Thursday, February 19, 2015

Chocolate Crème Brûlée

You may remember my Valentine's Day post from 2013, that I wanted to make a tradition of cooking my husband something every February 14th. That year I made a chocolate cake, 2014 was a chocolate hazelnut cake. So this year I asked him to pick which chocolate dessert he would like. He picked crème brûlée. I have portioned this recipe to serve a romantic dinner for 2!

Chocolate Crème Brûlée
Whisk together 2 egg yolks with 20g of caster sugar until the bright orange turns pale and thick.
In a saucepan, heat 1/4 cup milk and 1/4 cup cream until just simmering then remove from heat.
Stir in 50g chopped dark chocolate.
Combine the chocolate cream mix with the egg yolks.
Pour into ramekins, then bake in a bain marie at 95 C for about 35 minutes.
The top should be set to touch, but there should still be a wobble.
Refrigerate for at least 1 hour.
To serve, sprinkle the tops with caster sugar and torch gently to caramelise.
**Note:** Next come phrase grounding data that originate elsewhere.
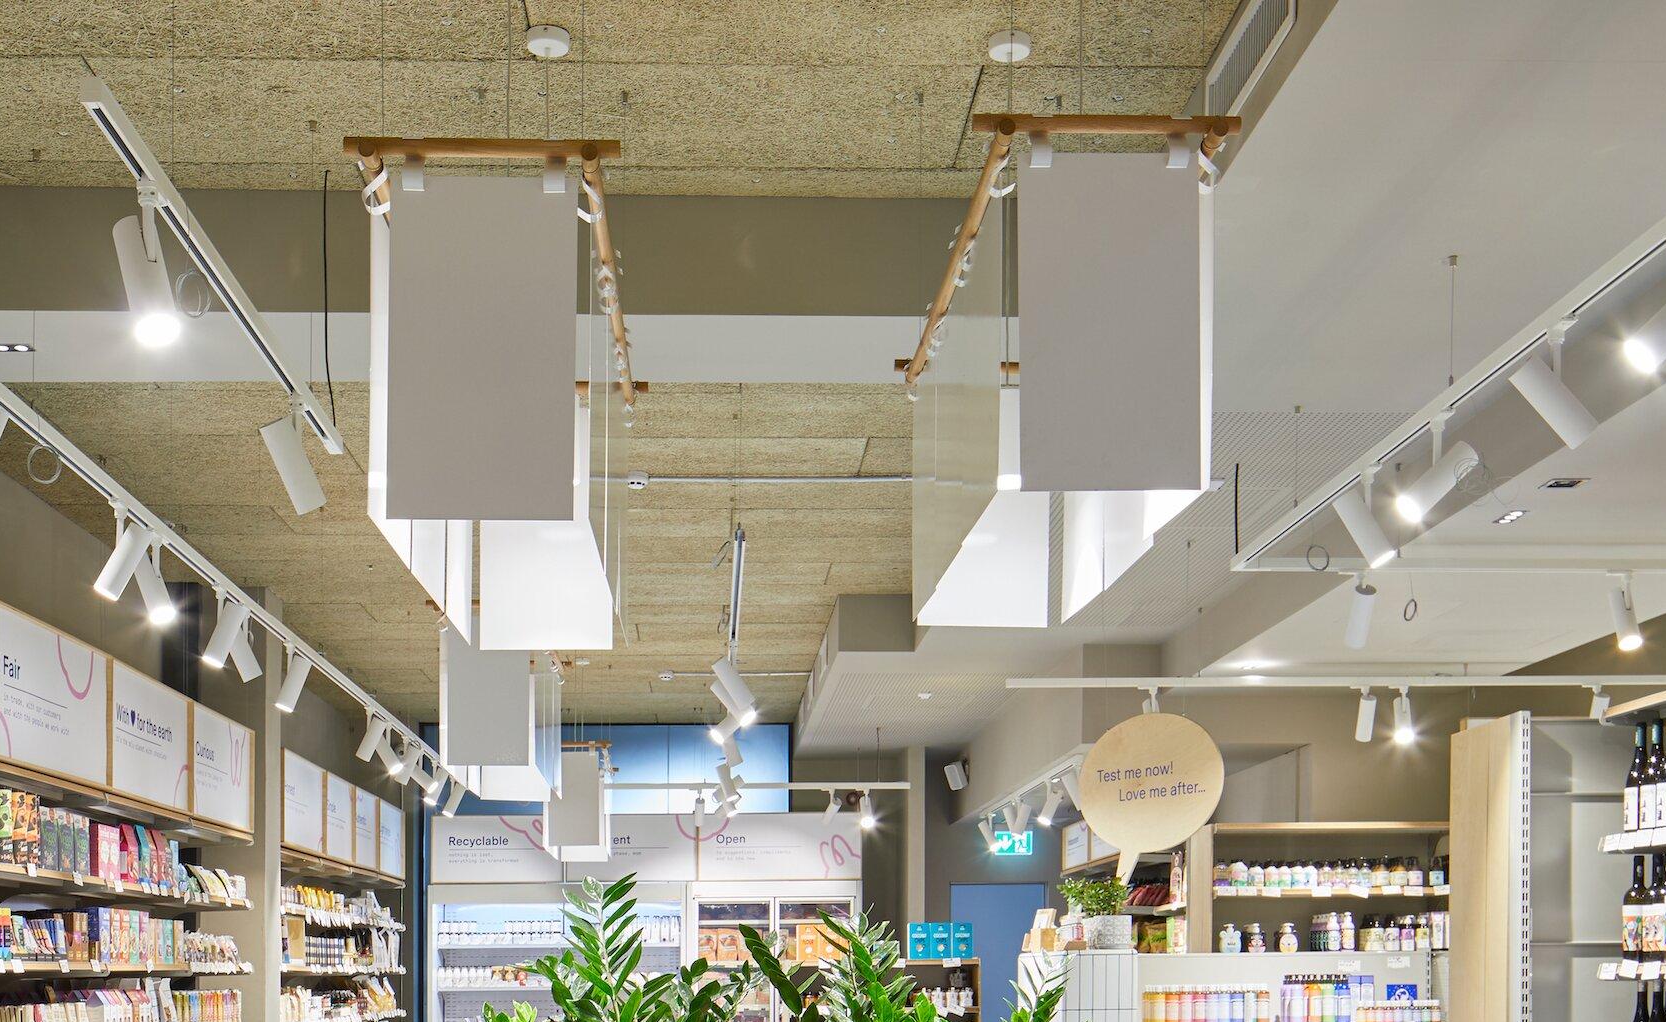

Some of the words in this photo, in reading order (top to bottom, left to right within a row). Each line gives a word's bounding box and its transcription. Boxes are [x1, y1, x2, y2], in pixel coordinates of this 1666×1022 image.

[3, 655, 21, 680] Fair
[1097, 768, 1121, 783] Test
[1124, 769, 1142, 780] me
[1145, 762, 1174, 778] now!
[1119, 788, 1146, 802] Love
[1149, 786, 1167, 798] me
[448, 836, 509, 848] Recyclable
[716, 834, 746, 846] Open
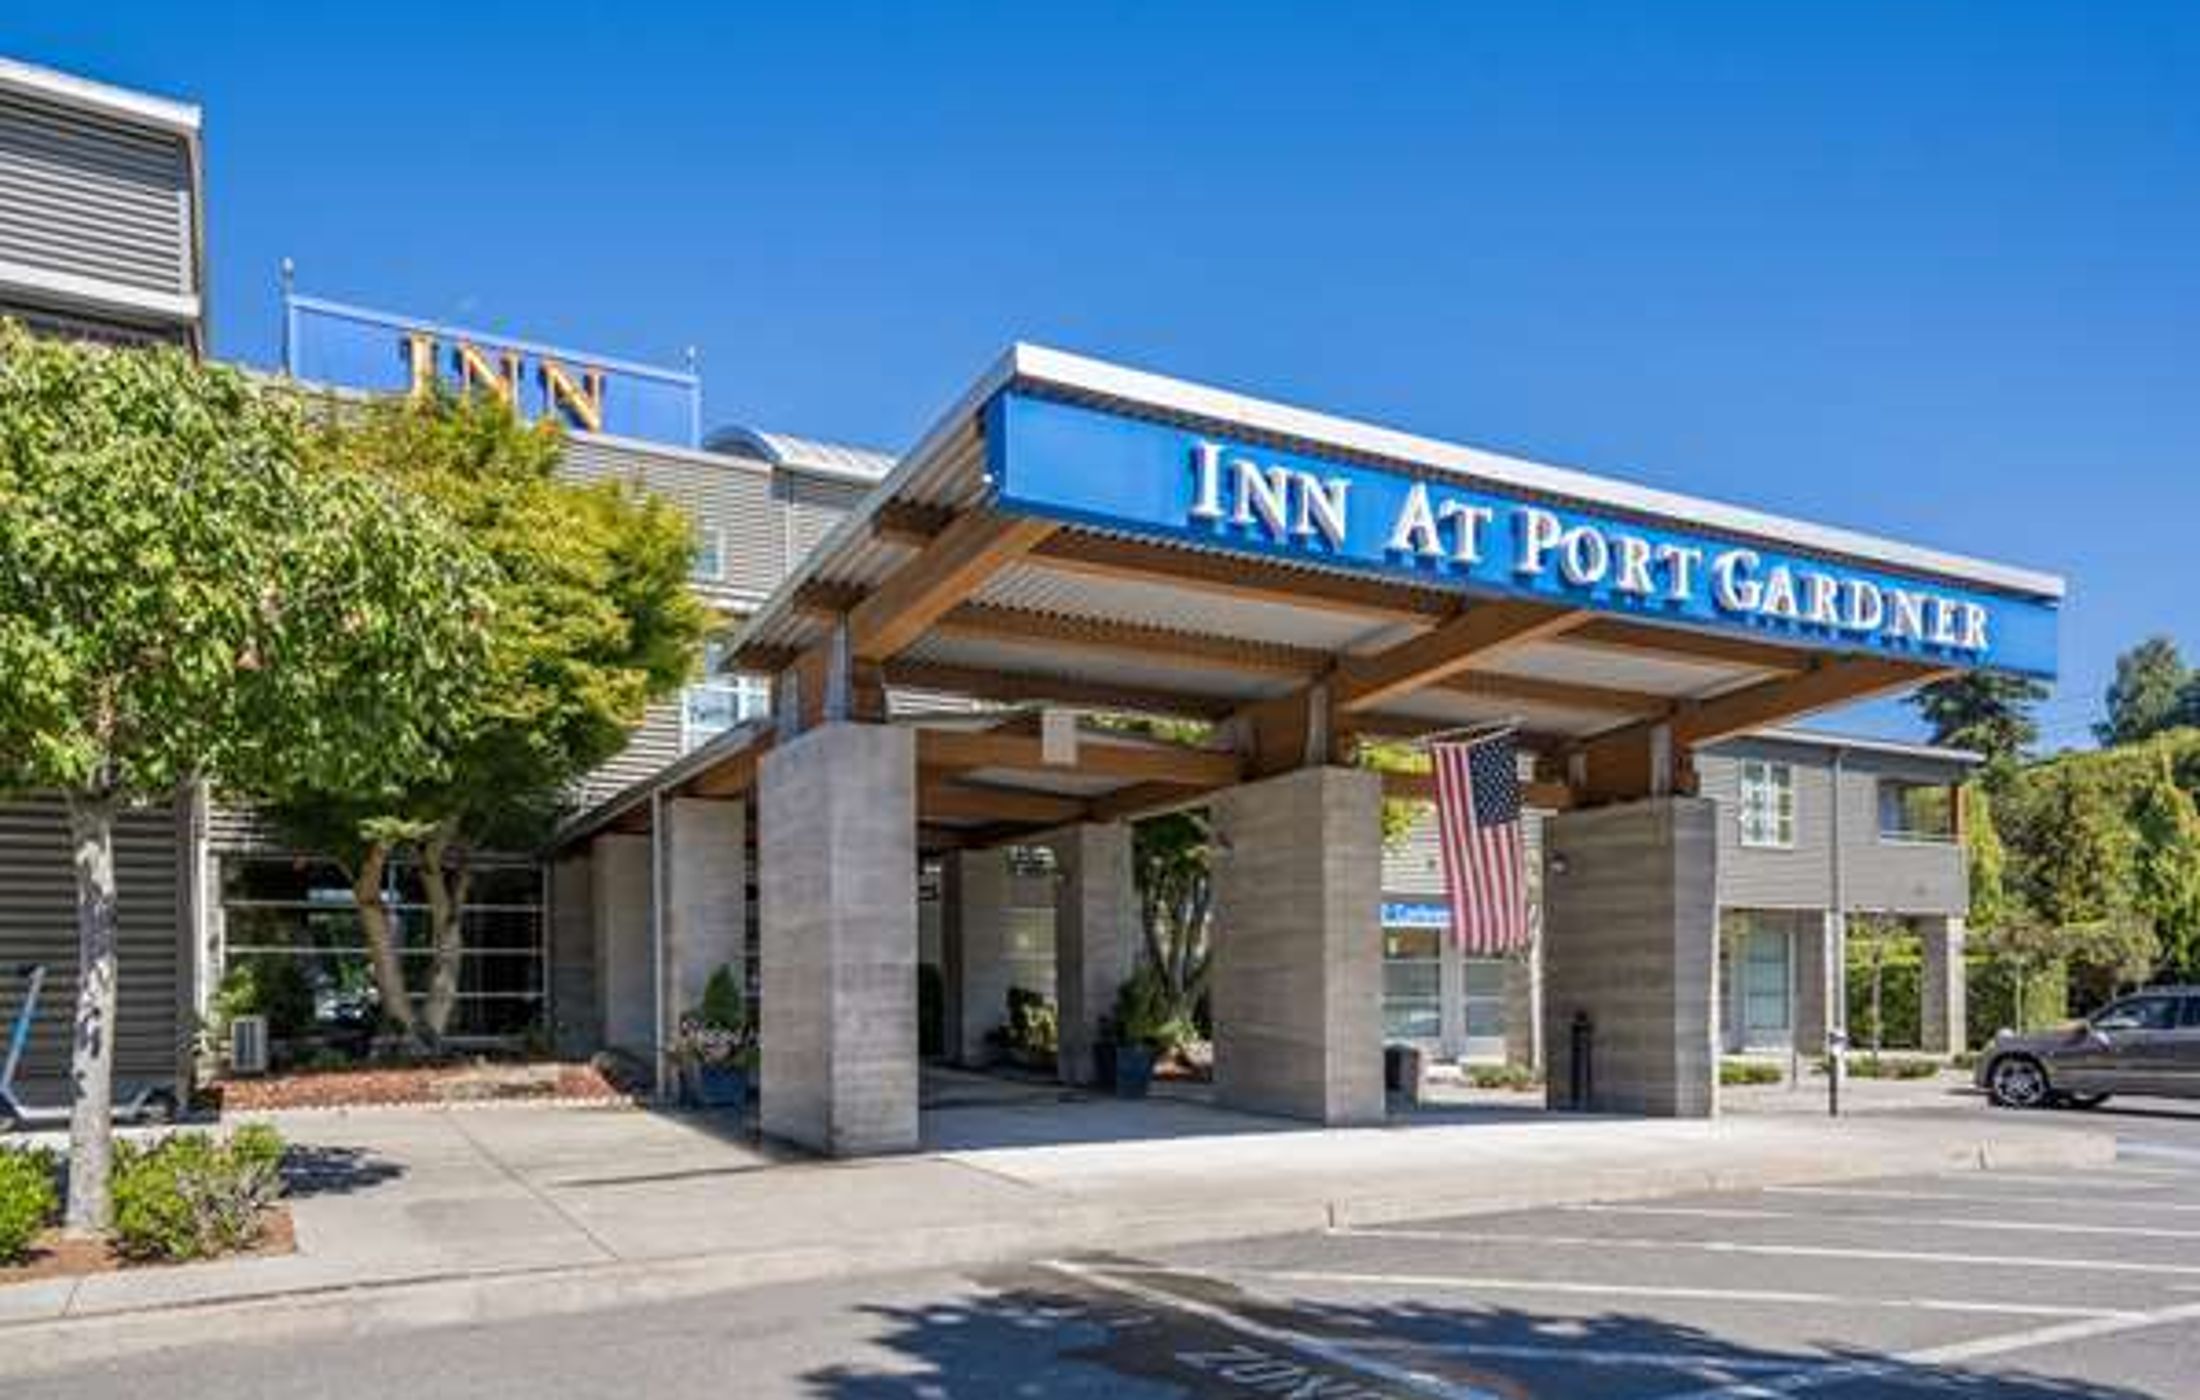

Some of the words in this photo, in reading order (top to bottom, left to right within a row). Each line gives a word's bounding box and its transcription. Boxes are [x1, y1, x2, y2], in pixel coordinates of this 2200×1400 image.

Saturday, February 14, 2015

Sticky Date Pudding

The simplest things in life make me feel so happy. A sunny day after weeks of rain. Climbing into bed when the sheets are freshly washed. Teddy bouncing around with excitement when I get home from work. Comfort food.

There's one dessert that is so simple, fast and easy to make, and it's always a winner at every table I serve it to.

STICKY DATE PUDDING
Place 200g pitted dates in a bowl and sprinkle over 1 teaspoon of baking soda.
Pour over 1 cup of boiling water and let stand for about 15 minutes.
Place into a blender and whizz until smooshed.

Beat together 1/4 cup soft butter with 1/2 cup caster sugar until light and fluffy.
Beat in 2 eggs, one at a time.
Alternate the addition of your smooshed dates with 1 1/3 cups of self raising flour.
Fold gently to combine, then scrape into a greased springform pan.
Bake at 160 C for about 35 minutes (until a skewer comes out clean).

Caramel Sauce
And now for the best part - the sticky part!
Place 100g chopped butter, 1 cup brown sugar and 1 cup cream in a saucepan.
Stir over low heat until dissolved.
(Sometimes I like to add a pinch of sea salt to taste!)

To serve, place a nice big slice in a bowl, pour the hot sauce over, and top with either a dollop of whipped cream or better yet, vanilla ice cream :)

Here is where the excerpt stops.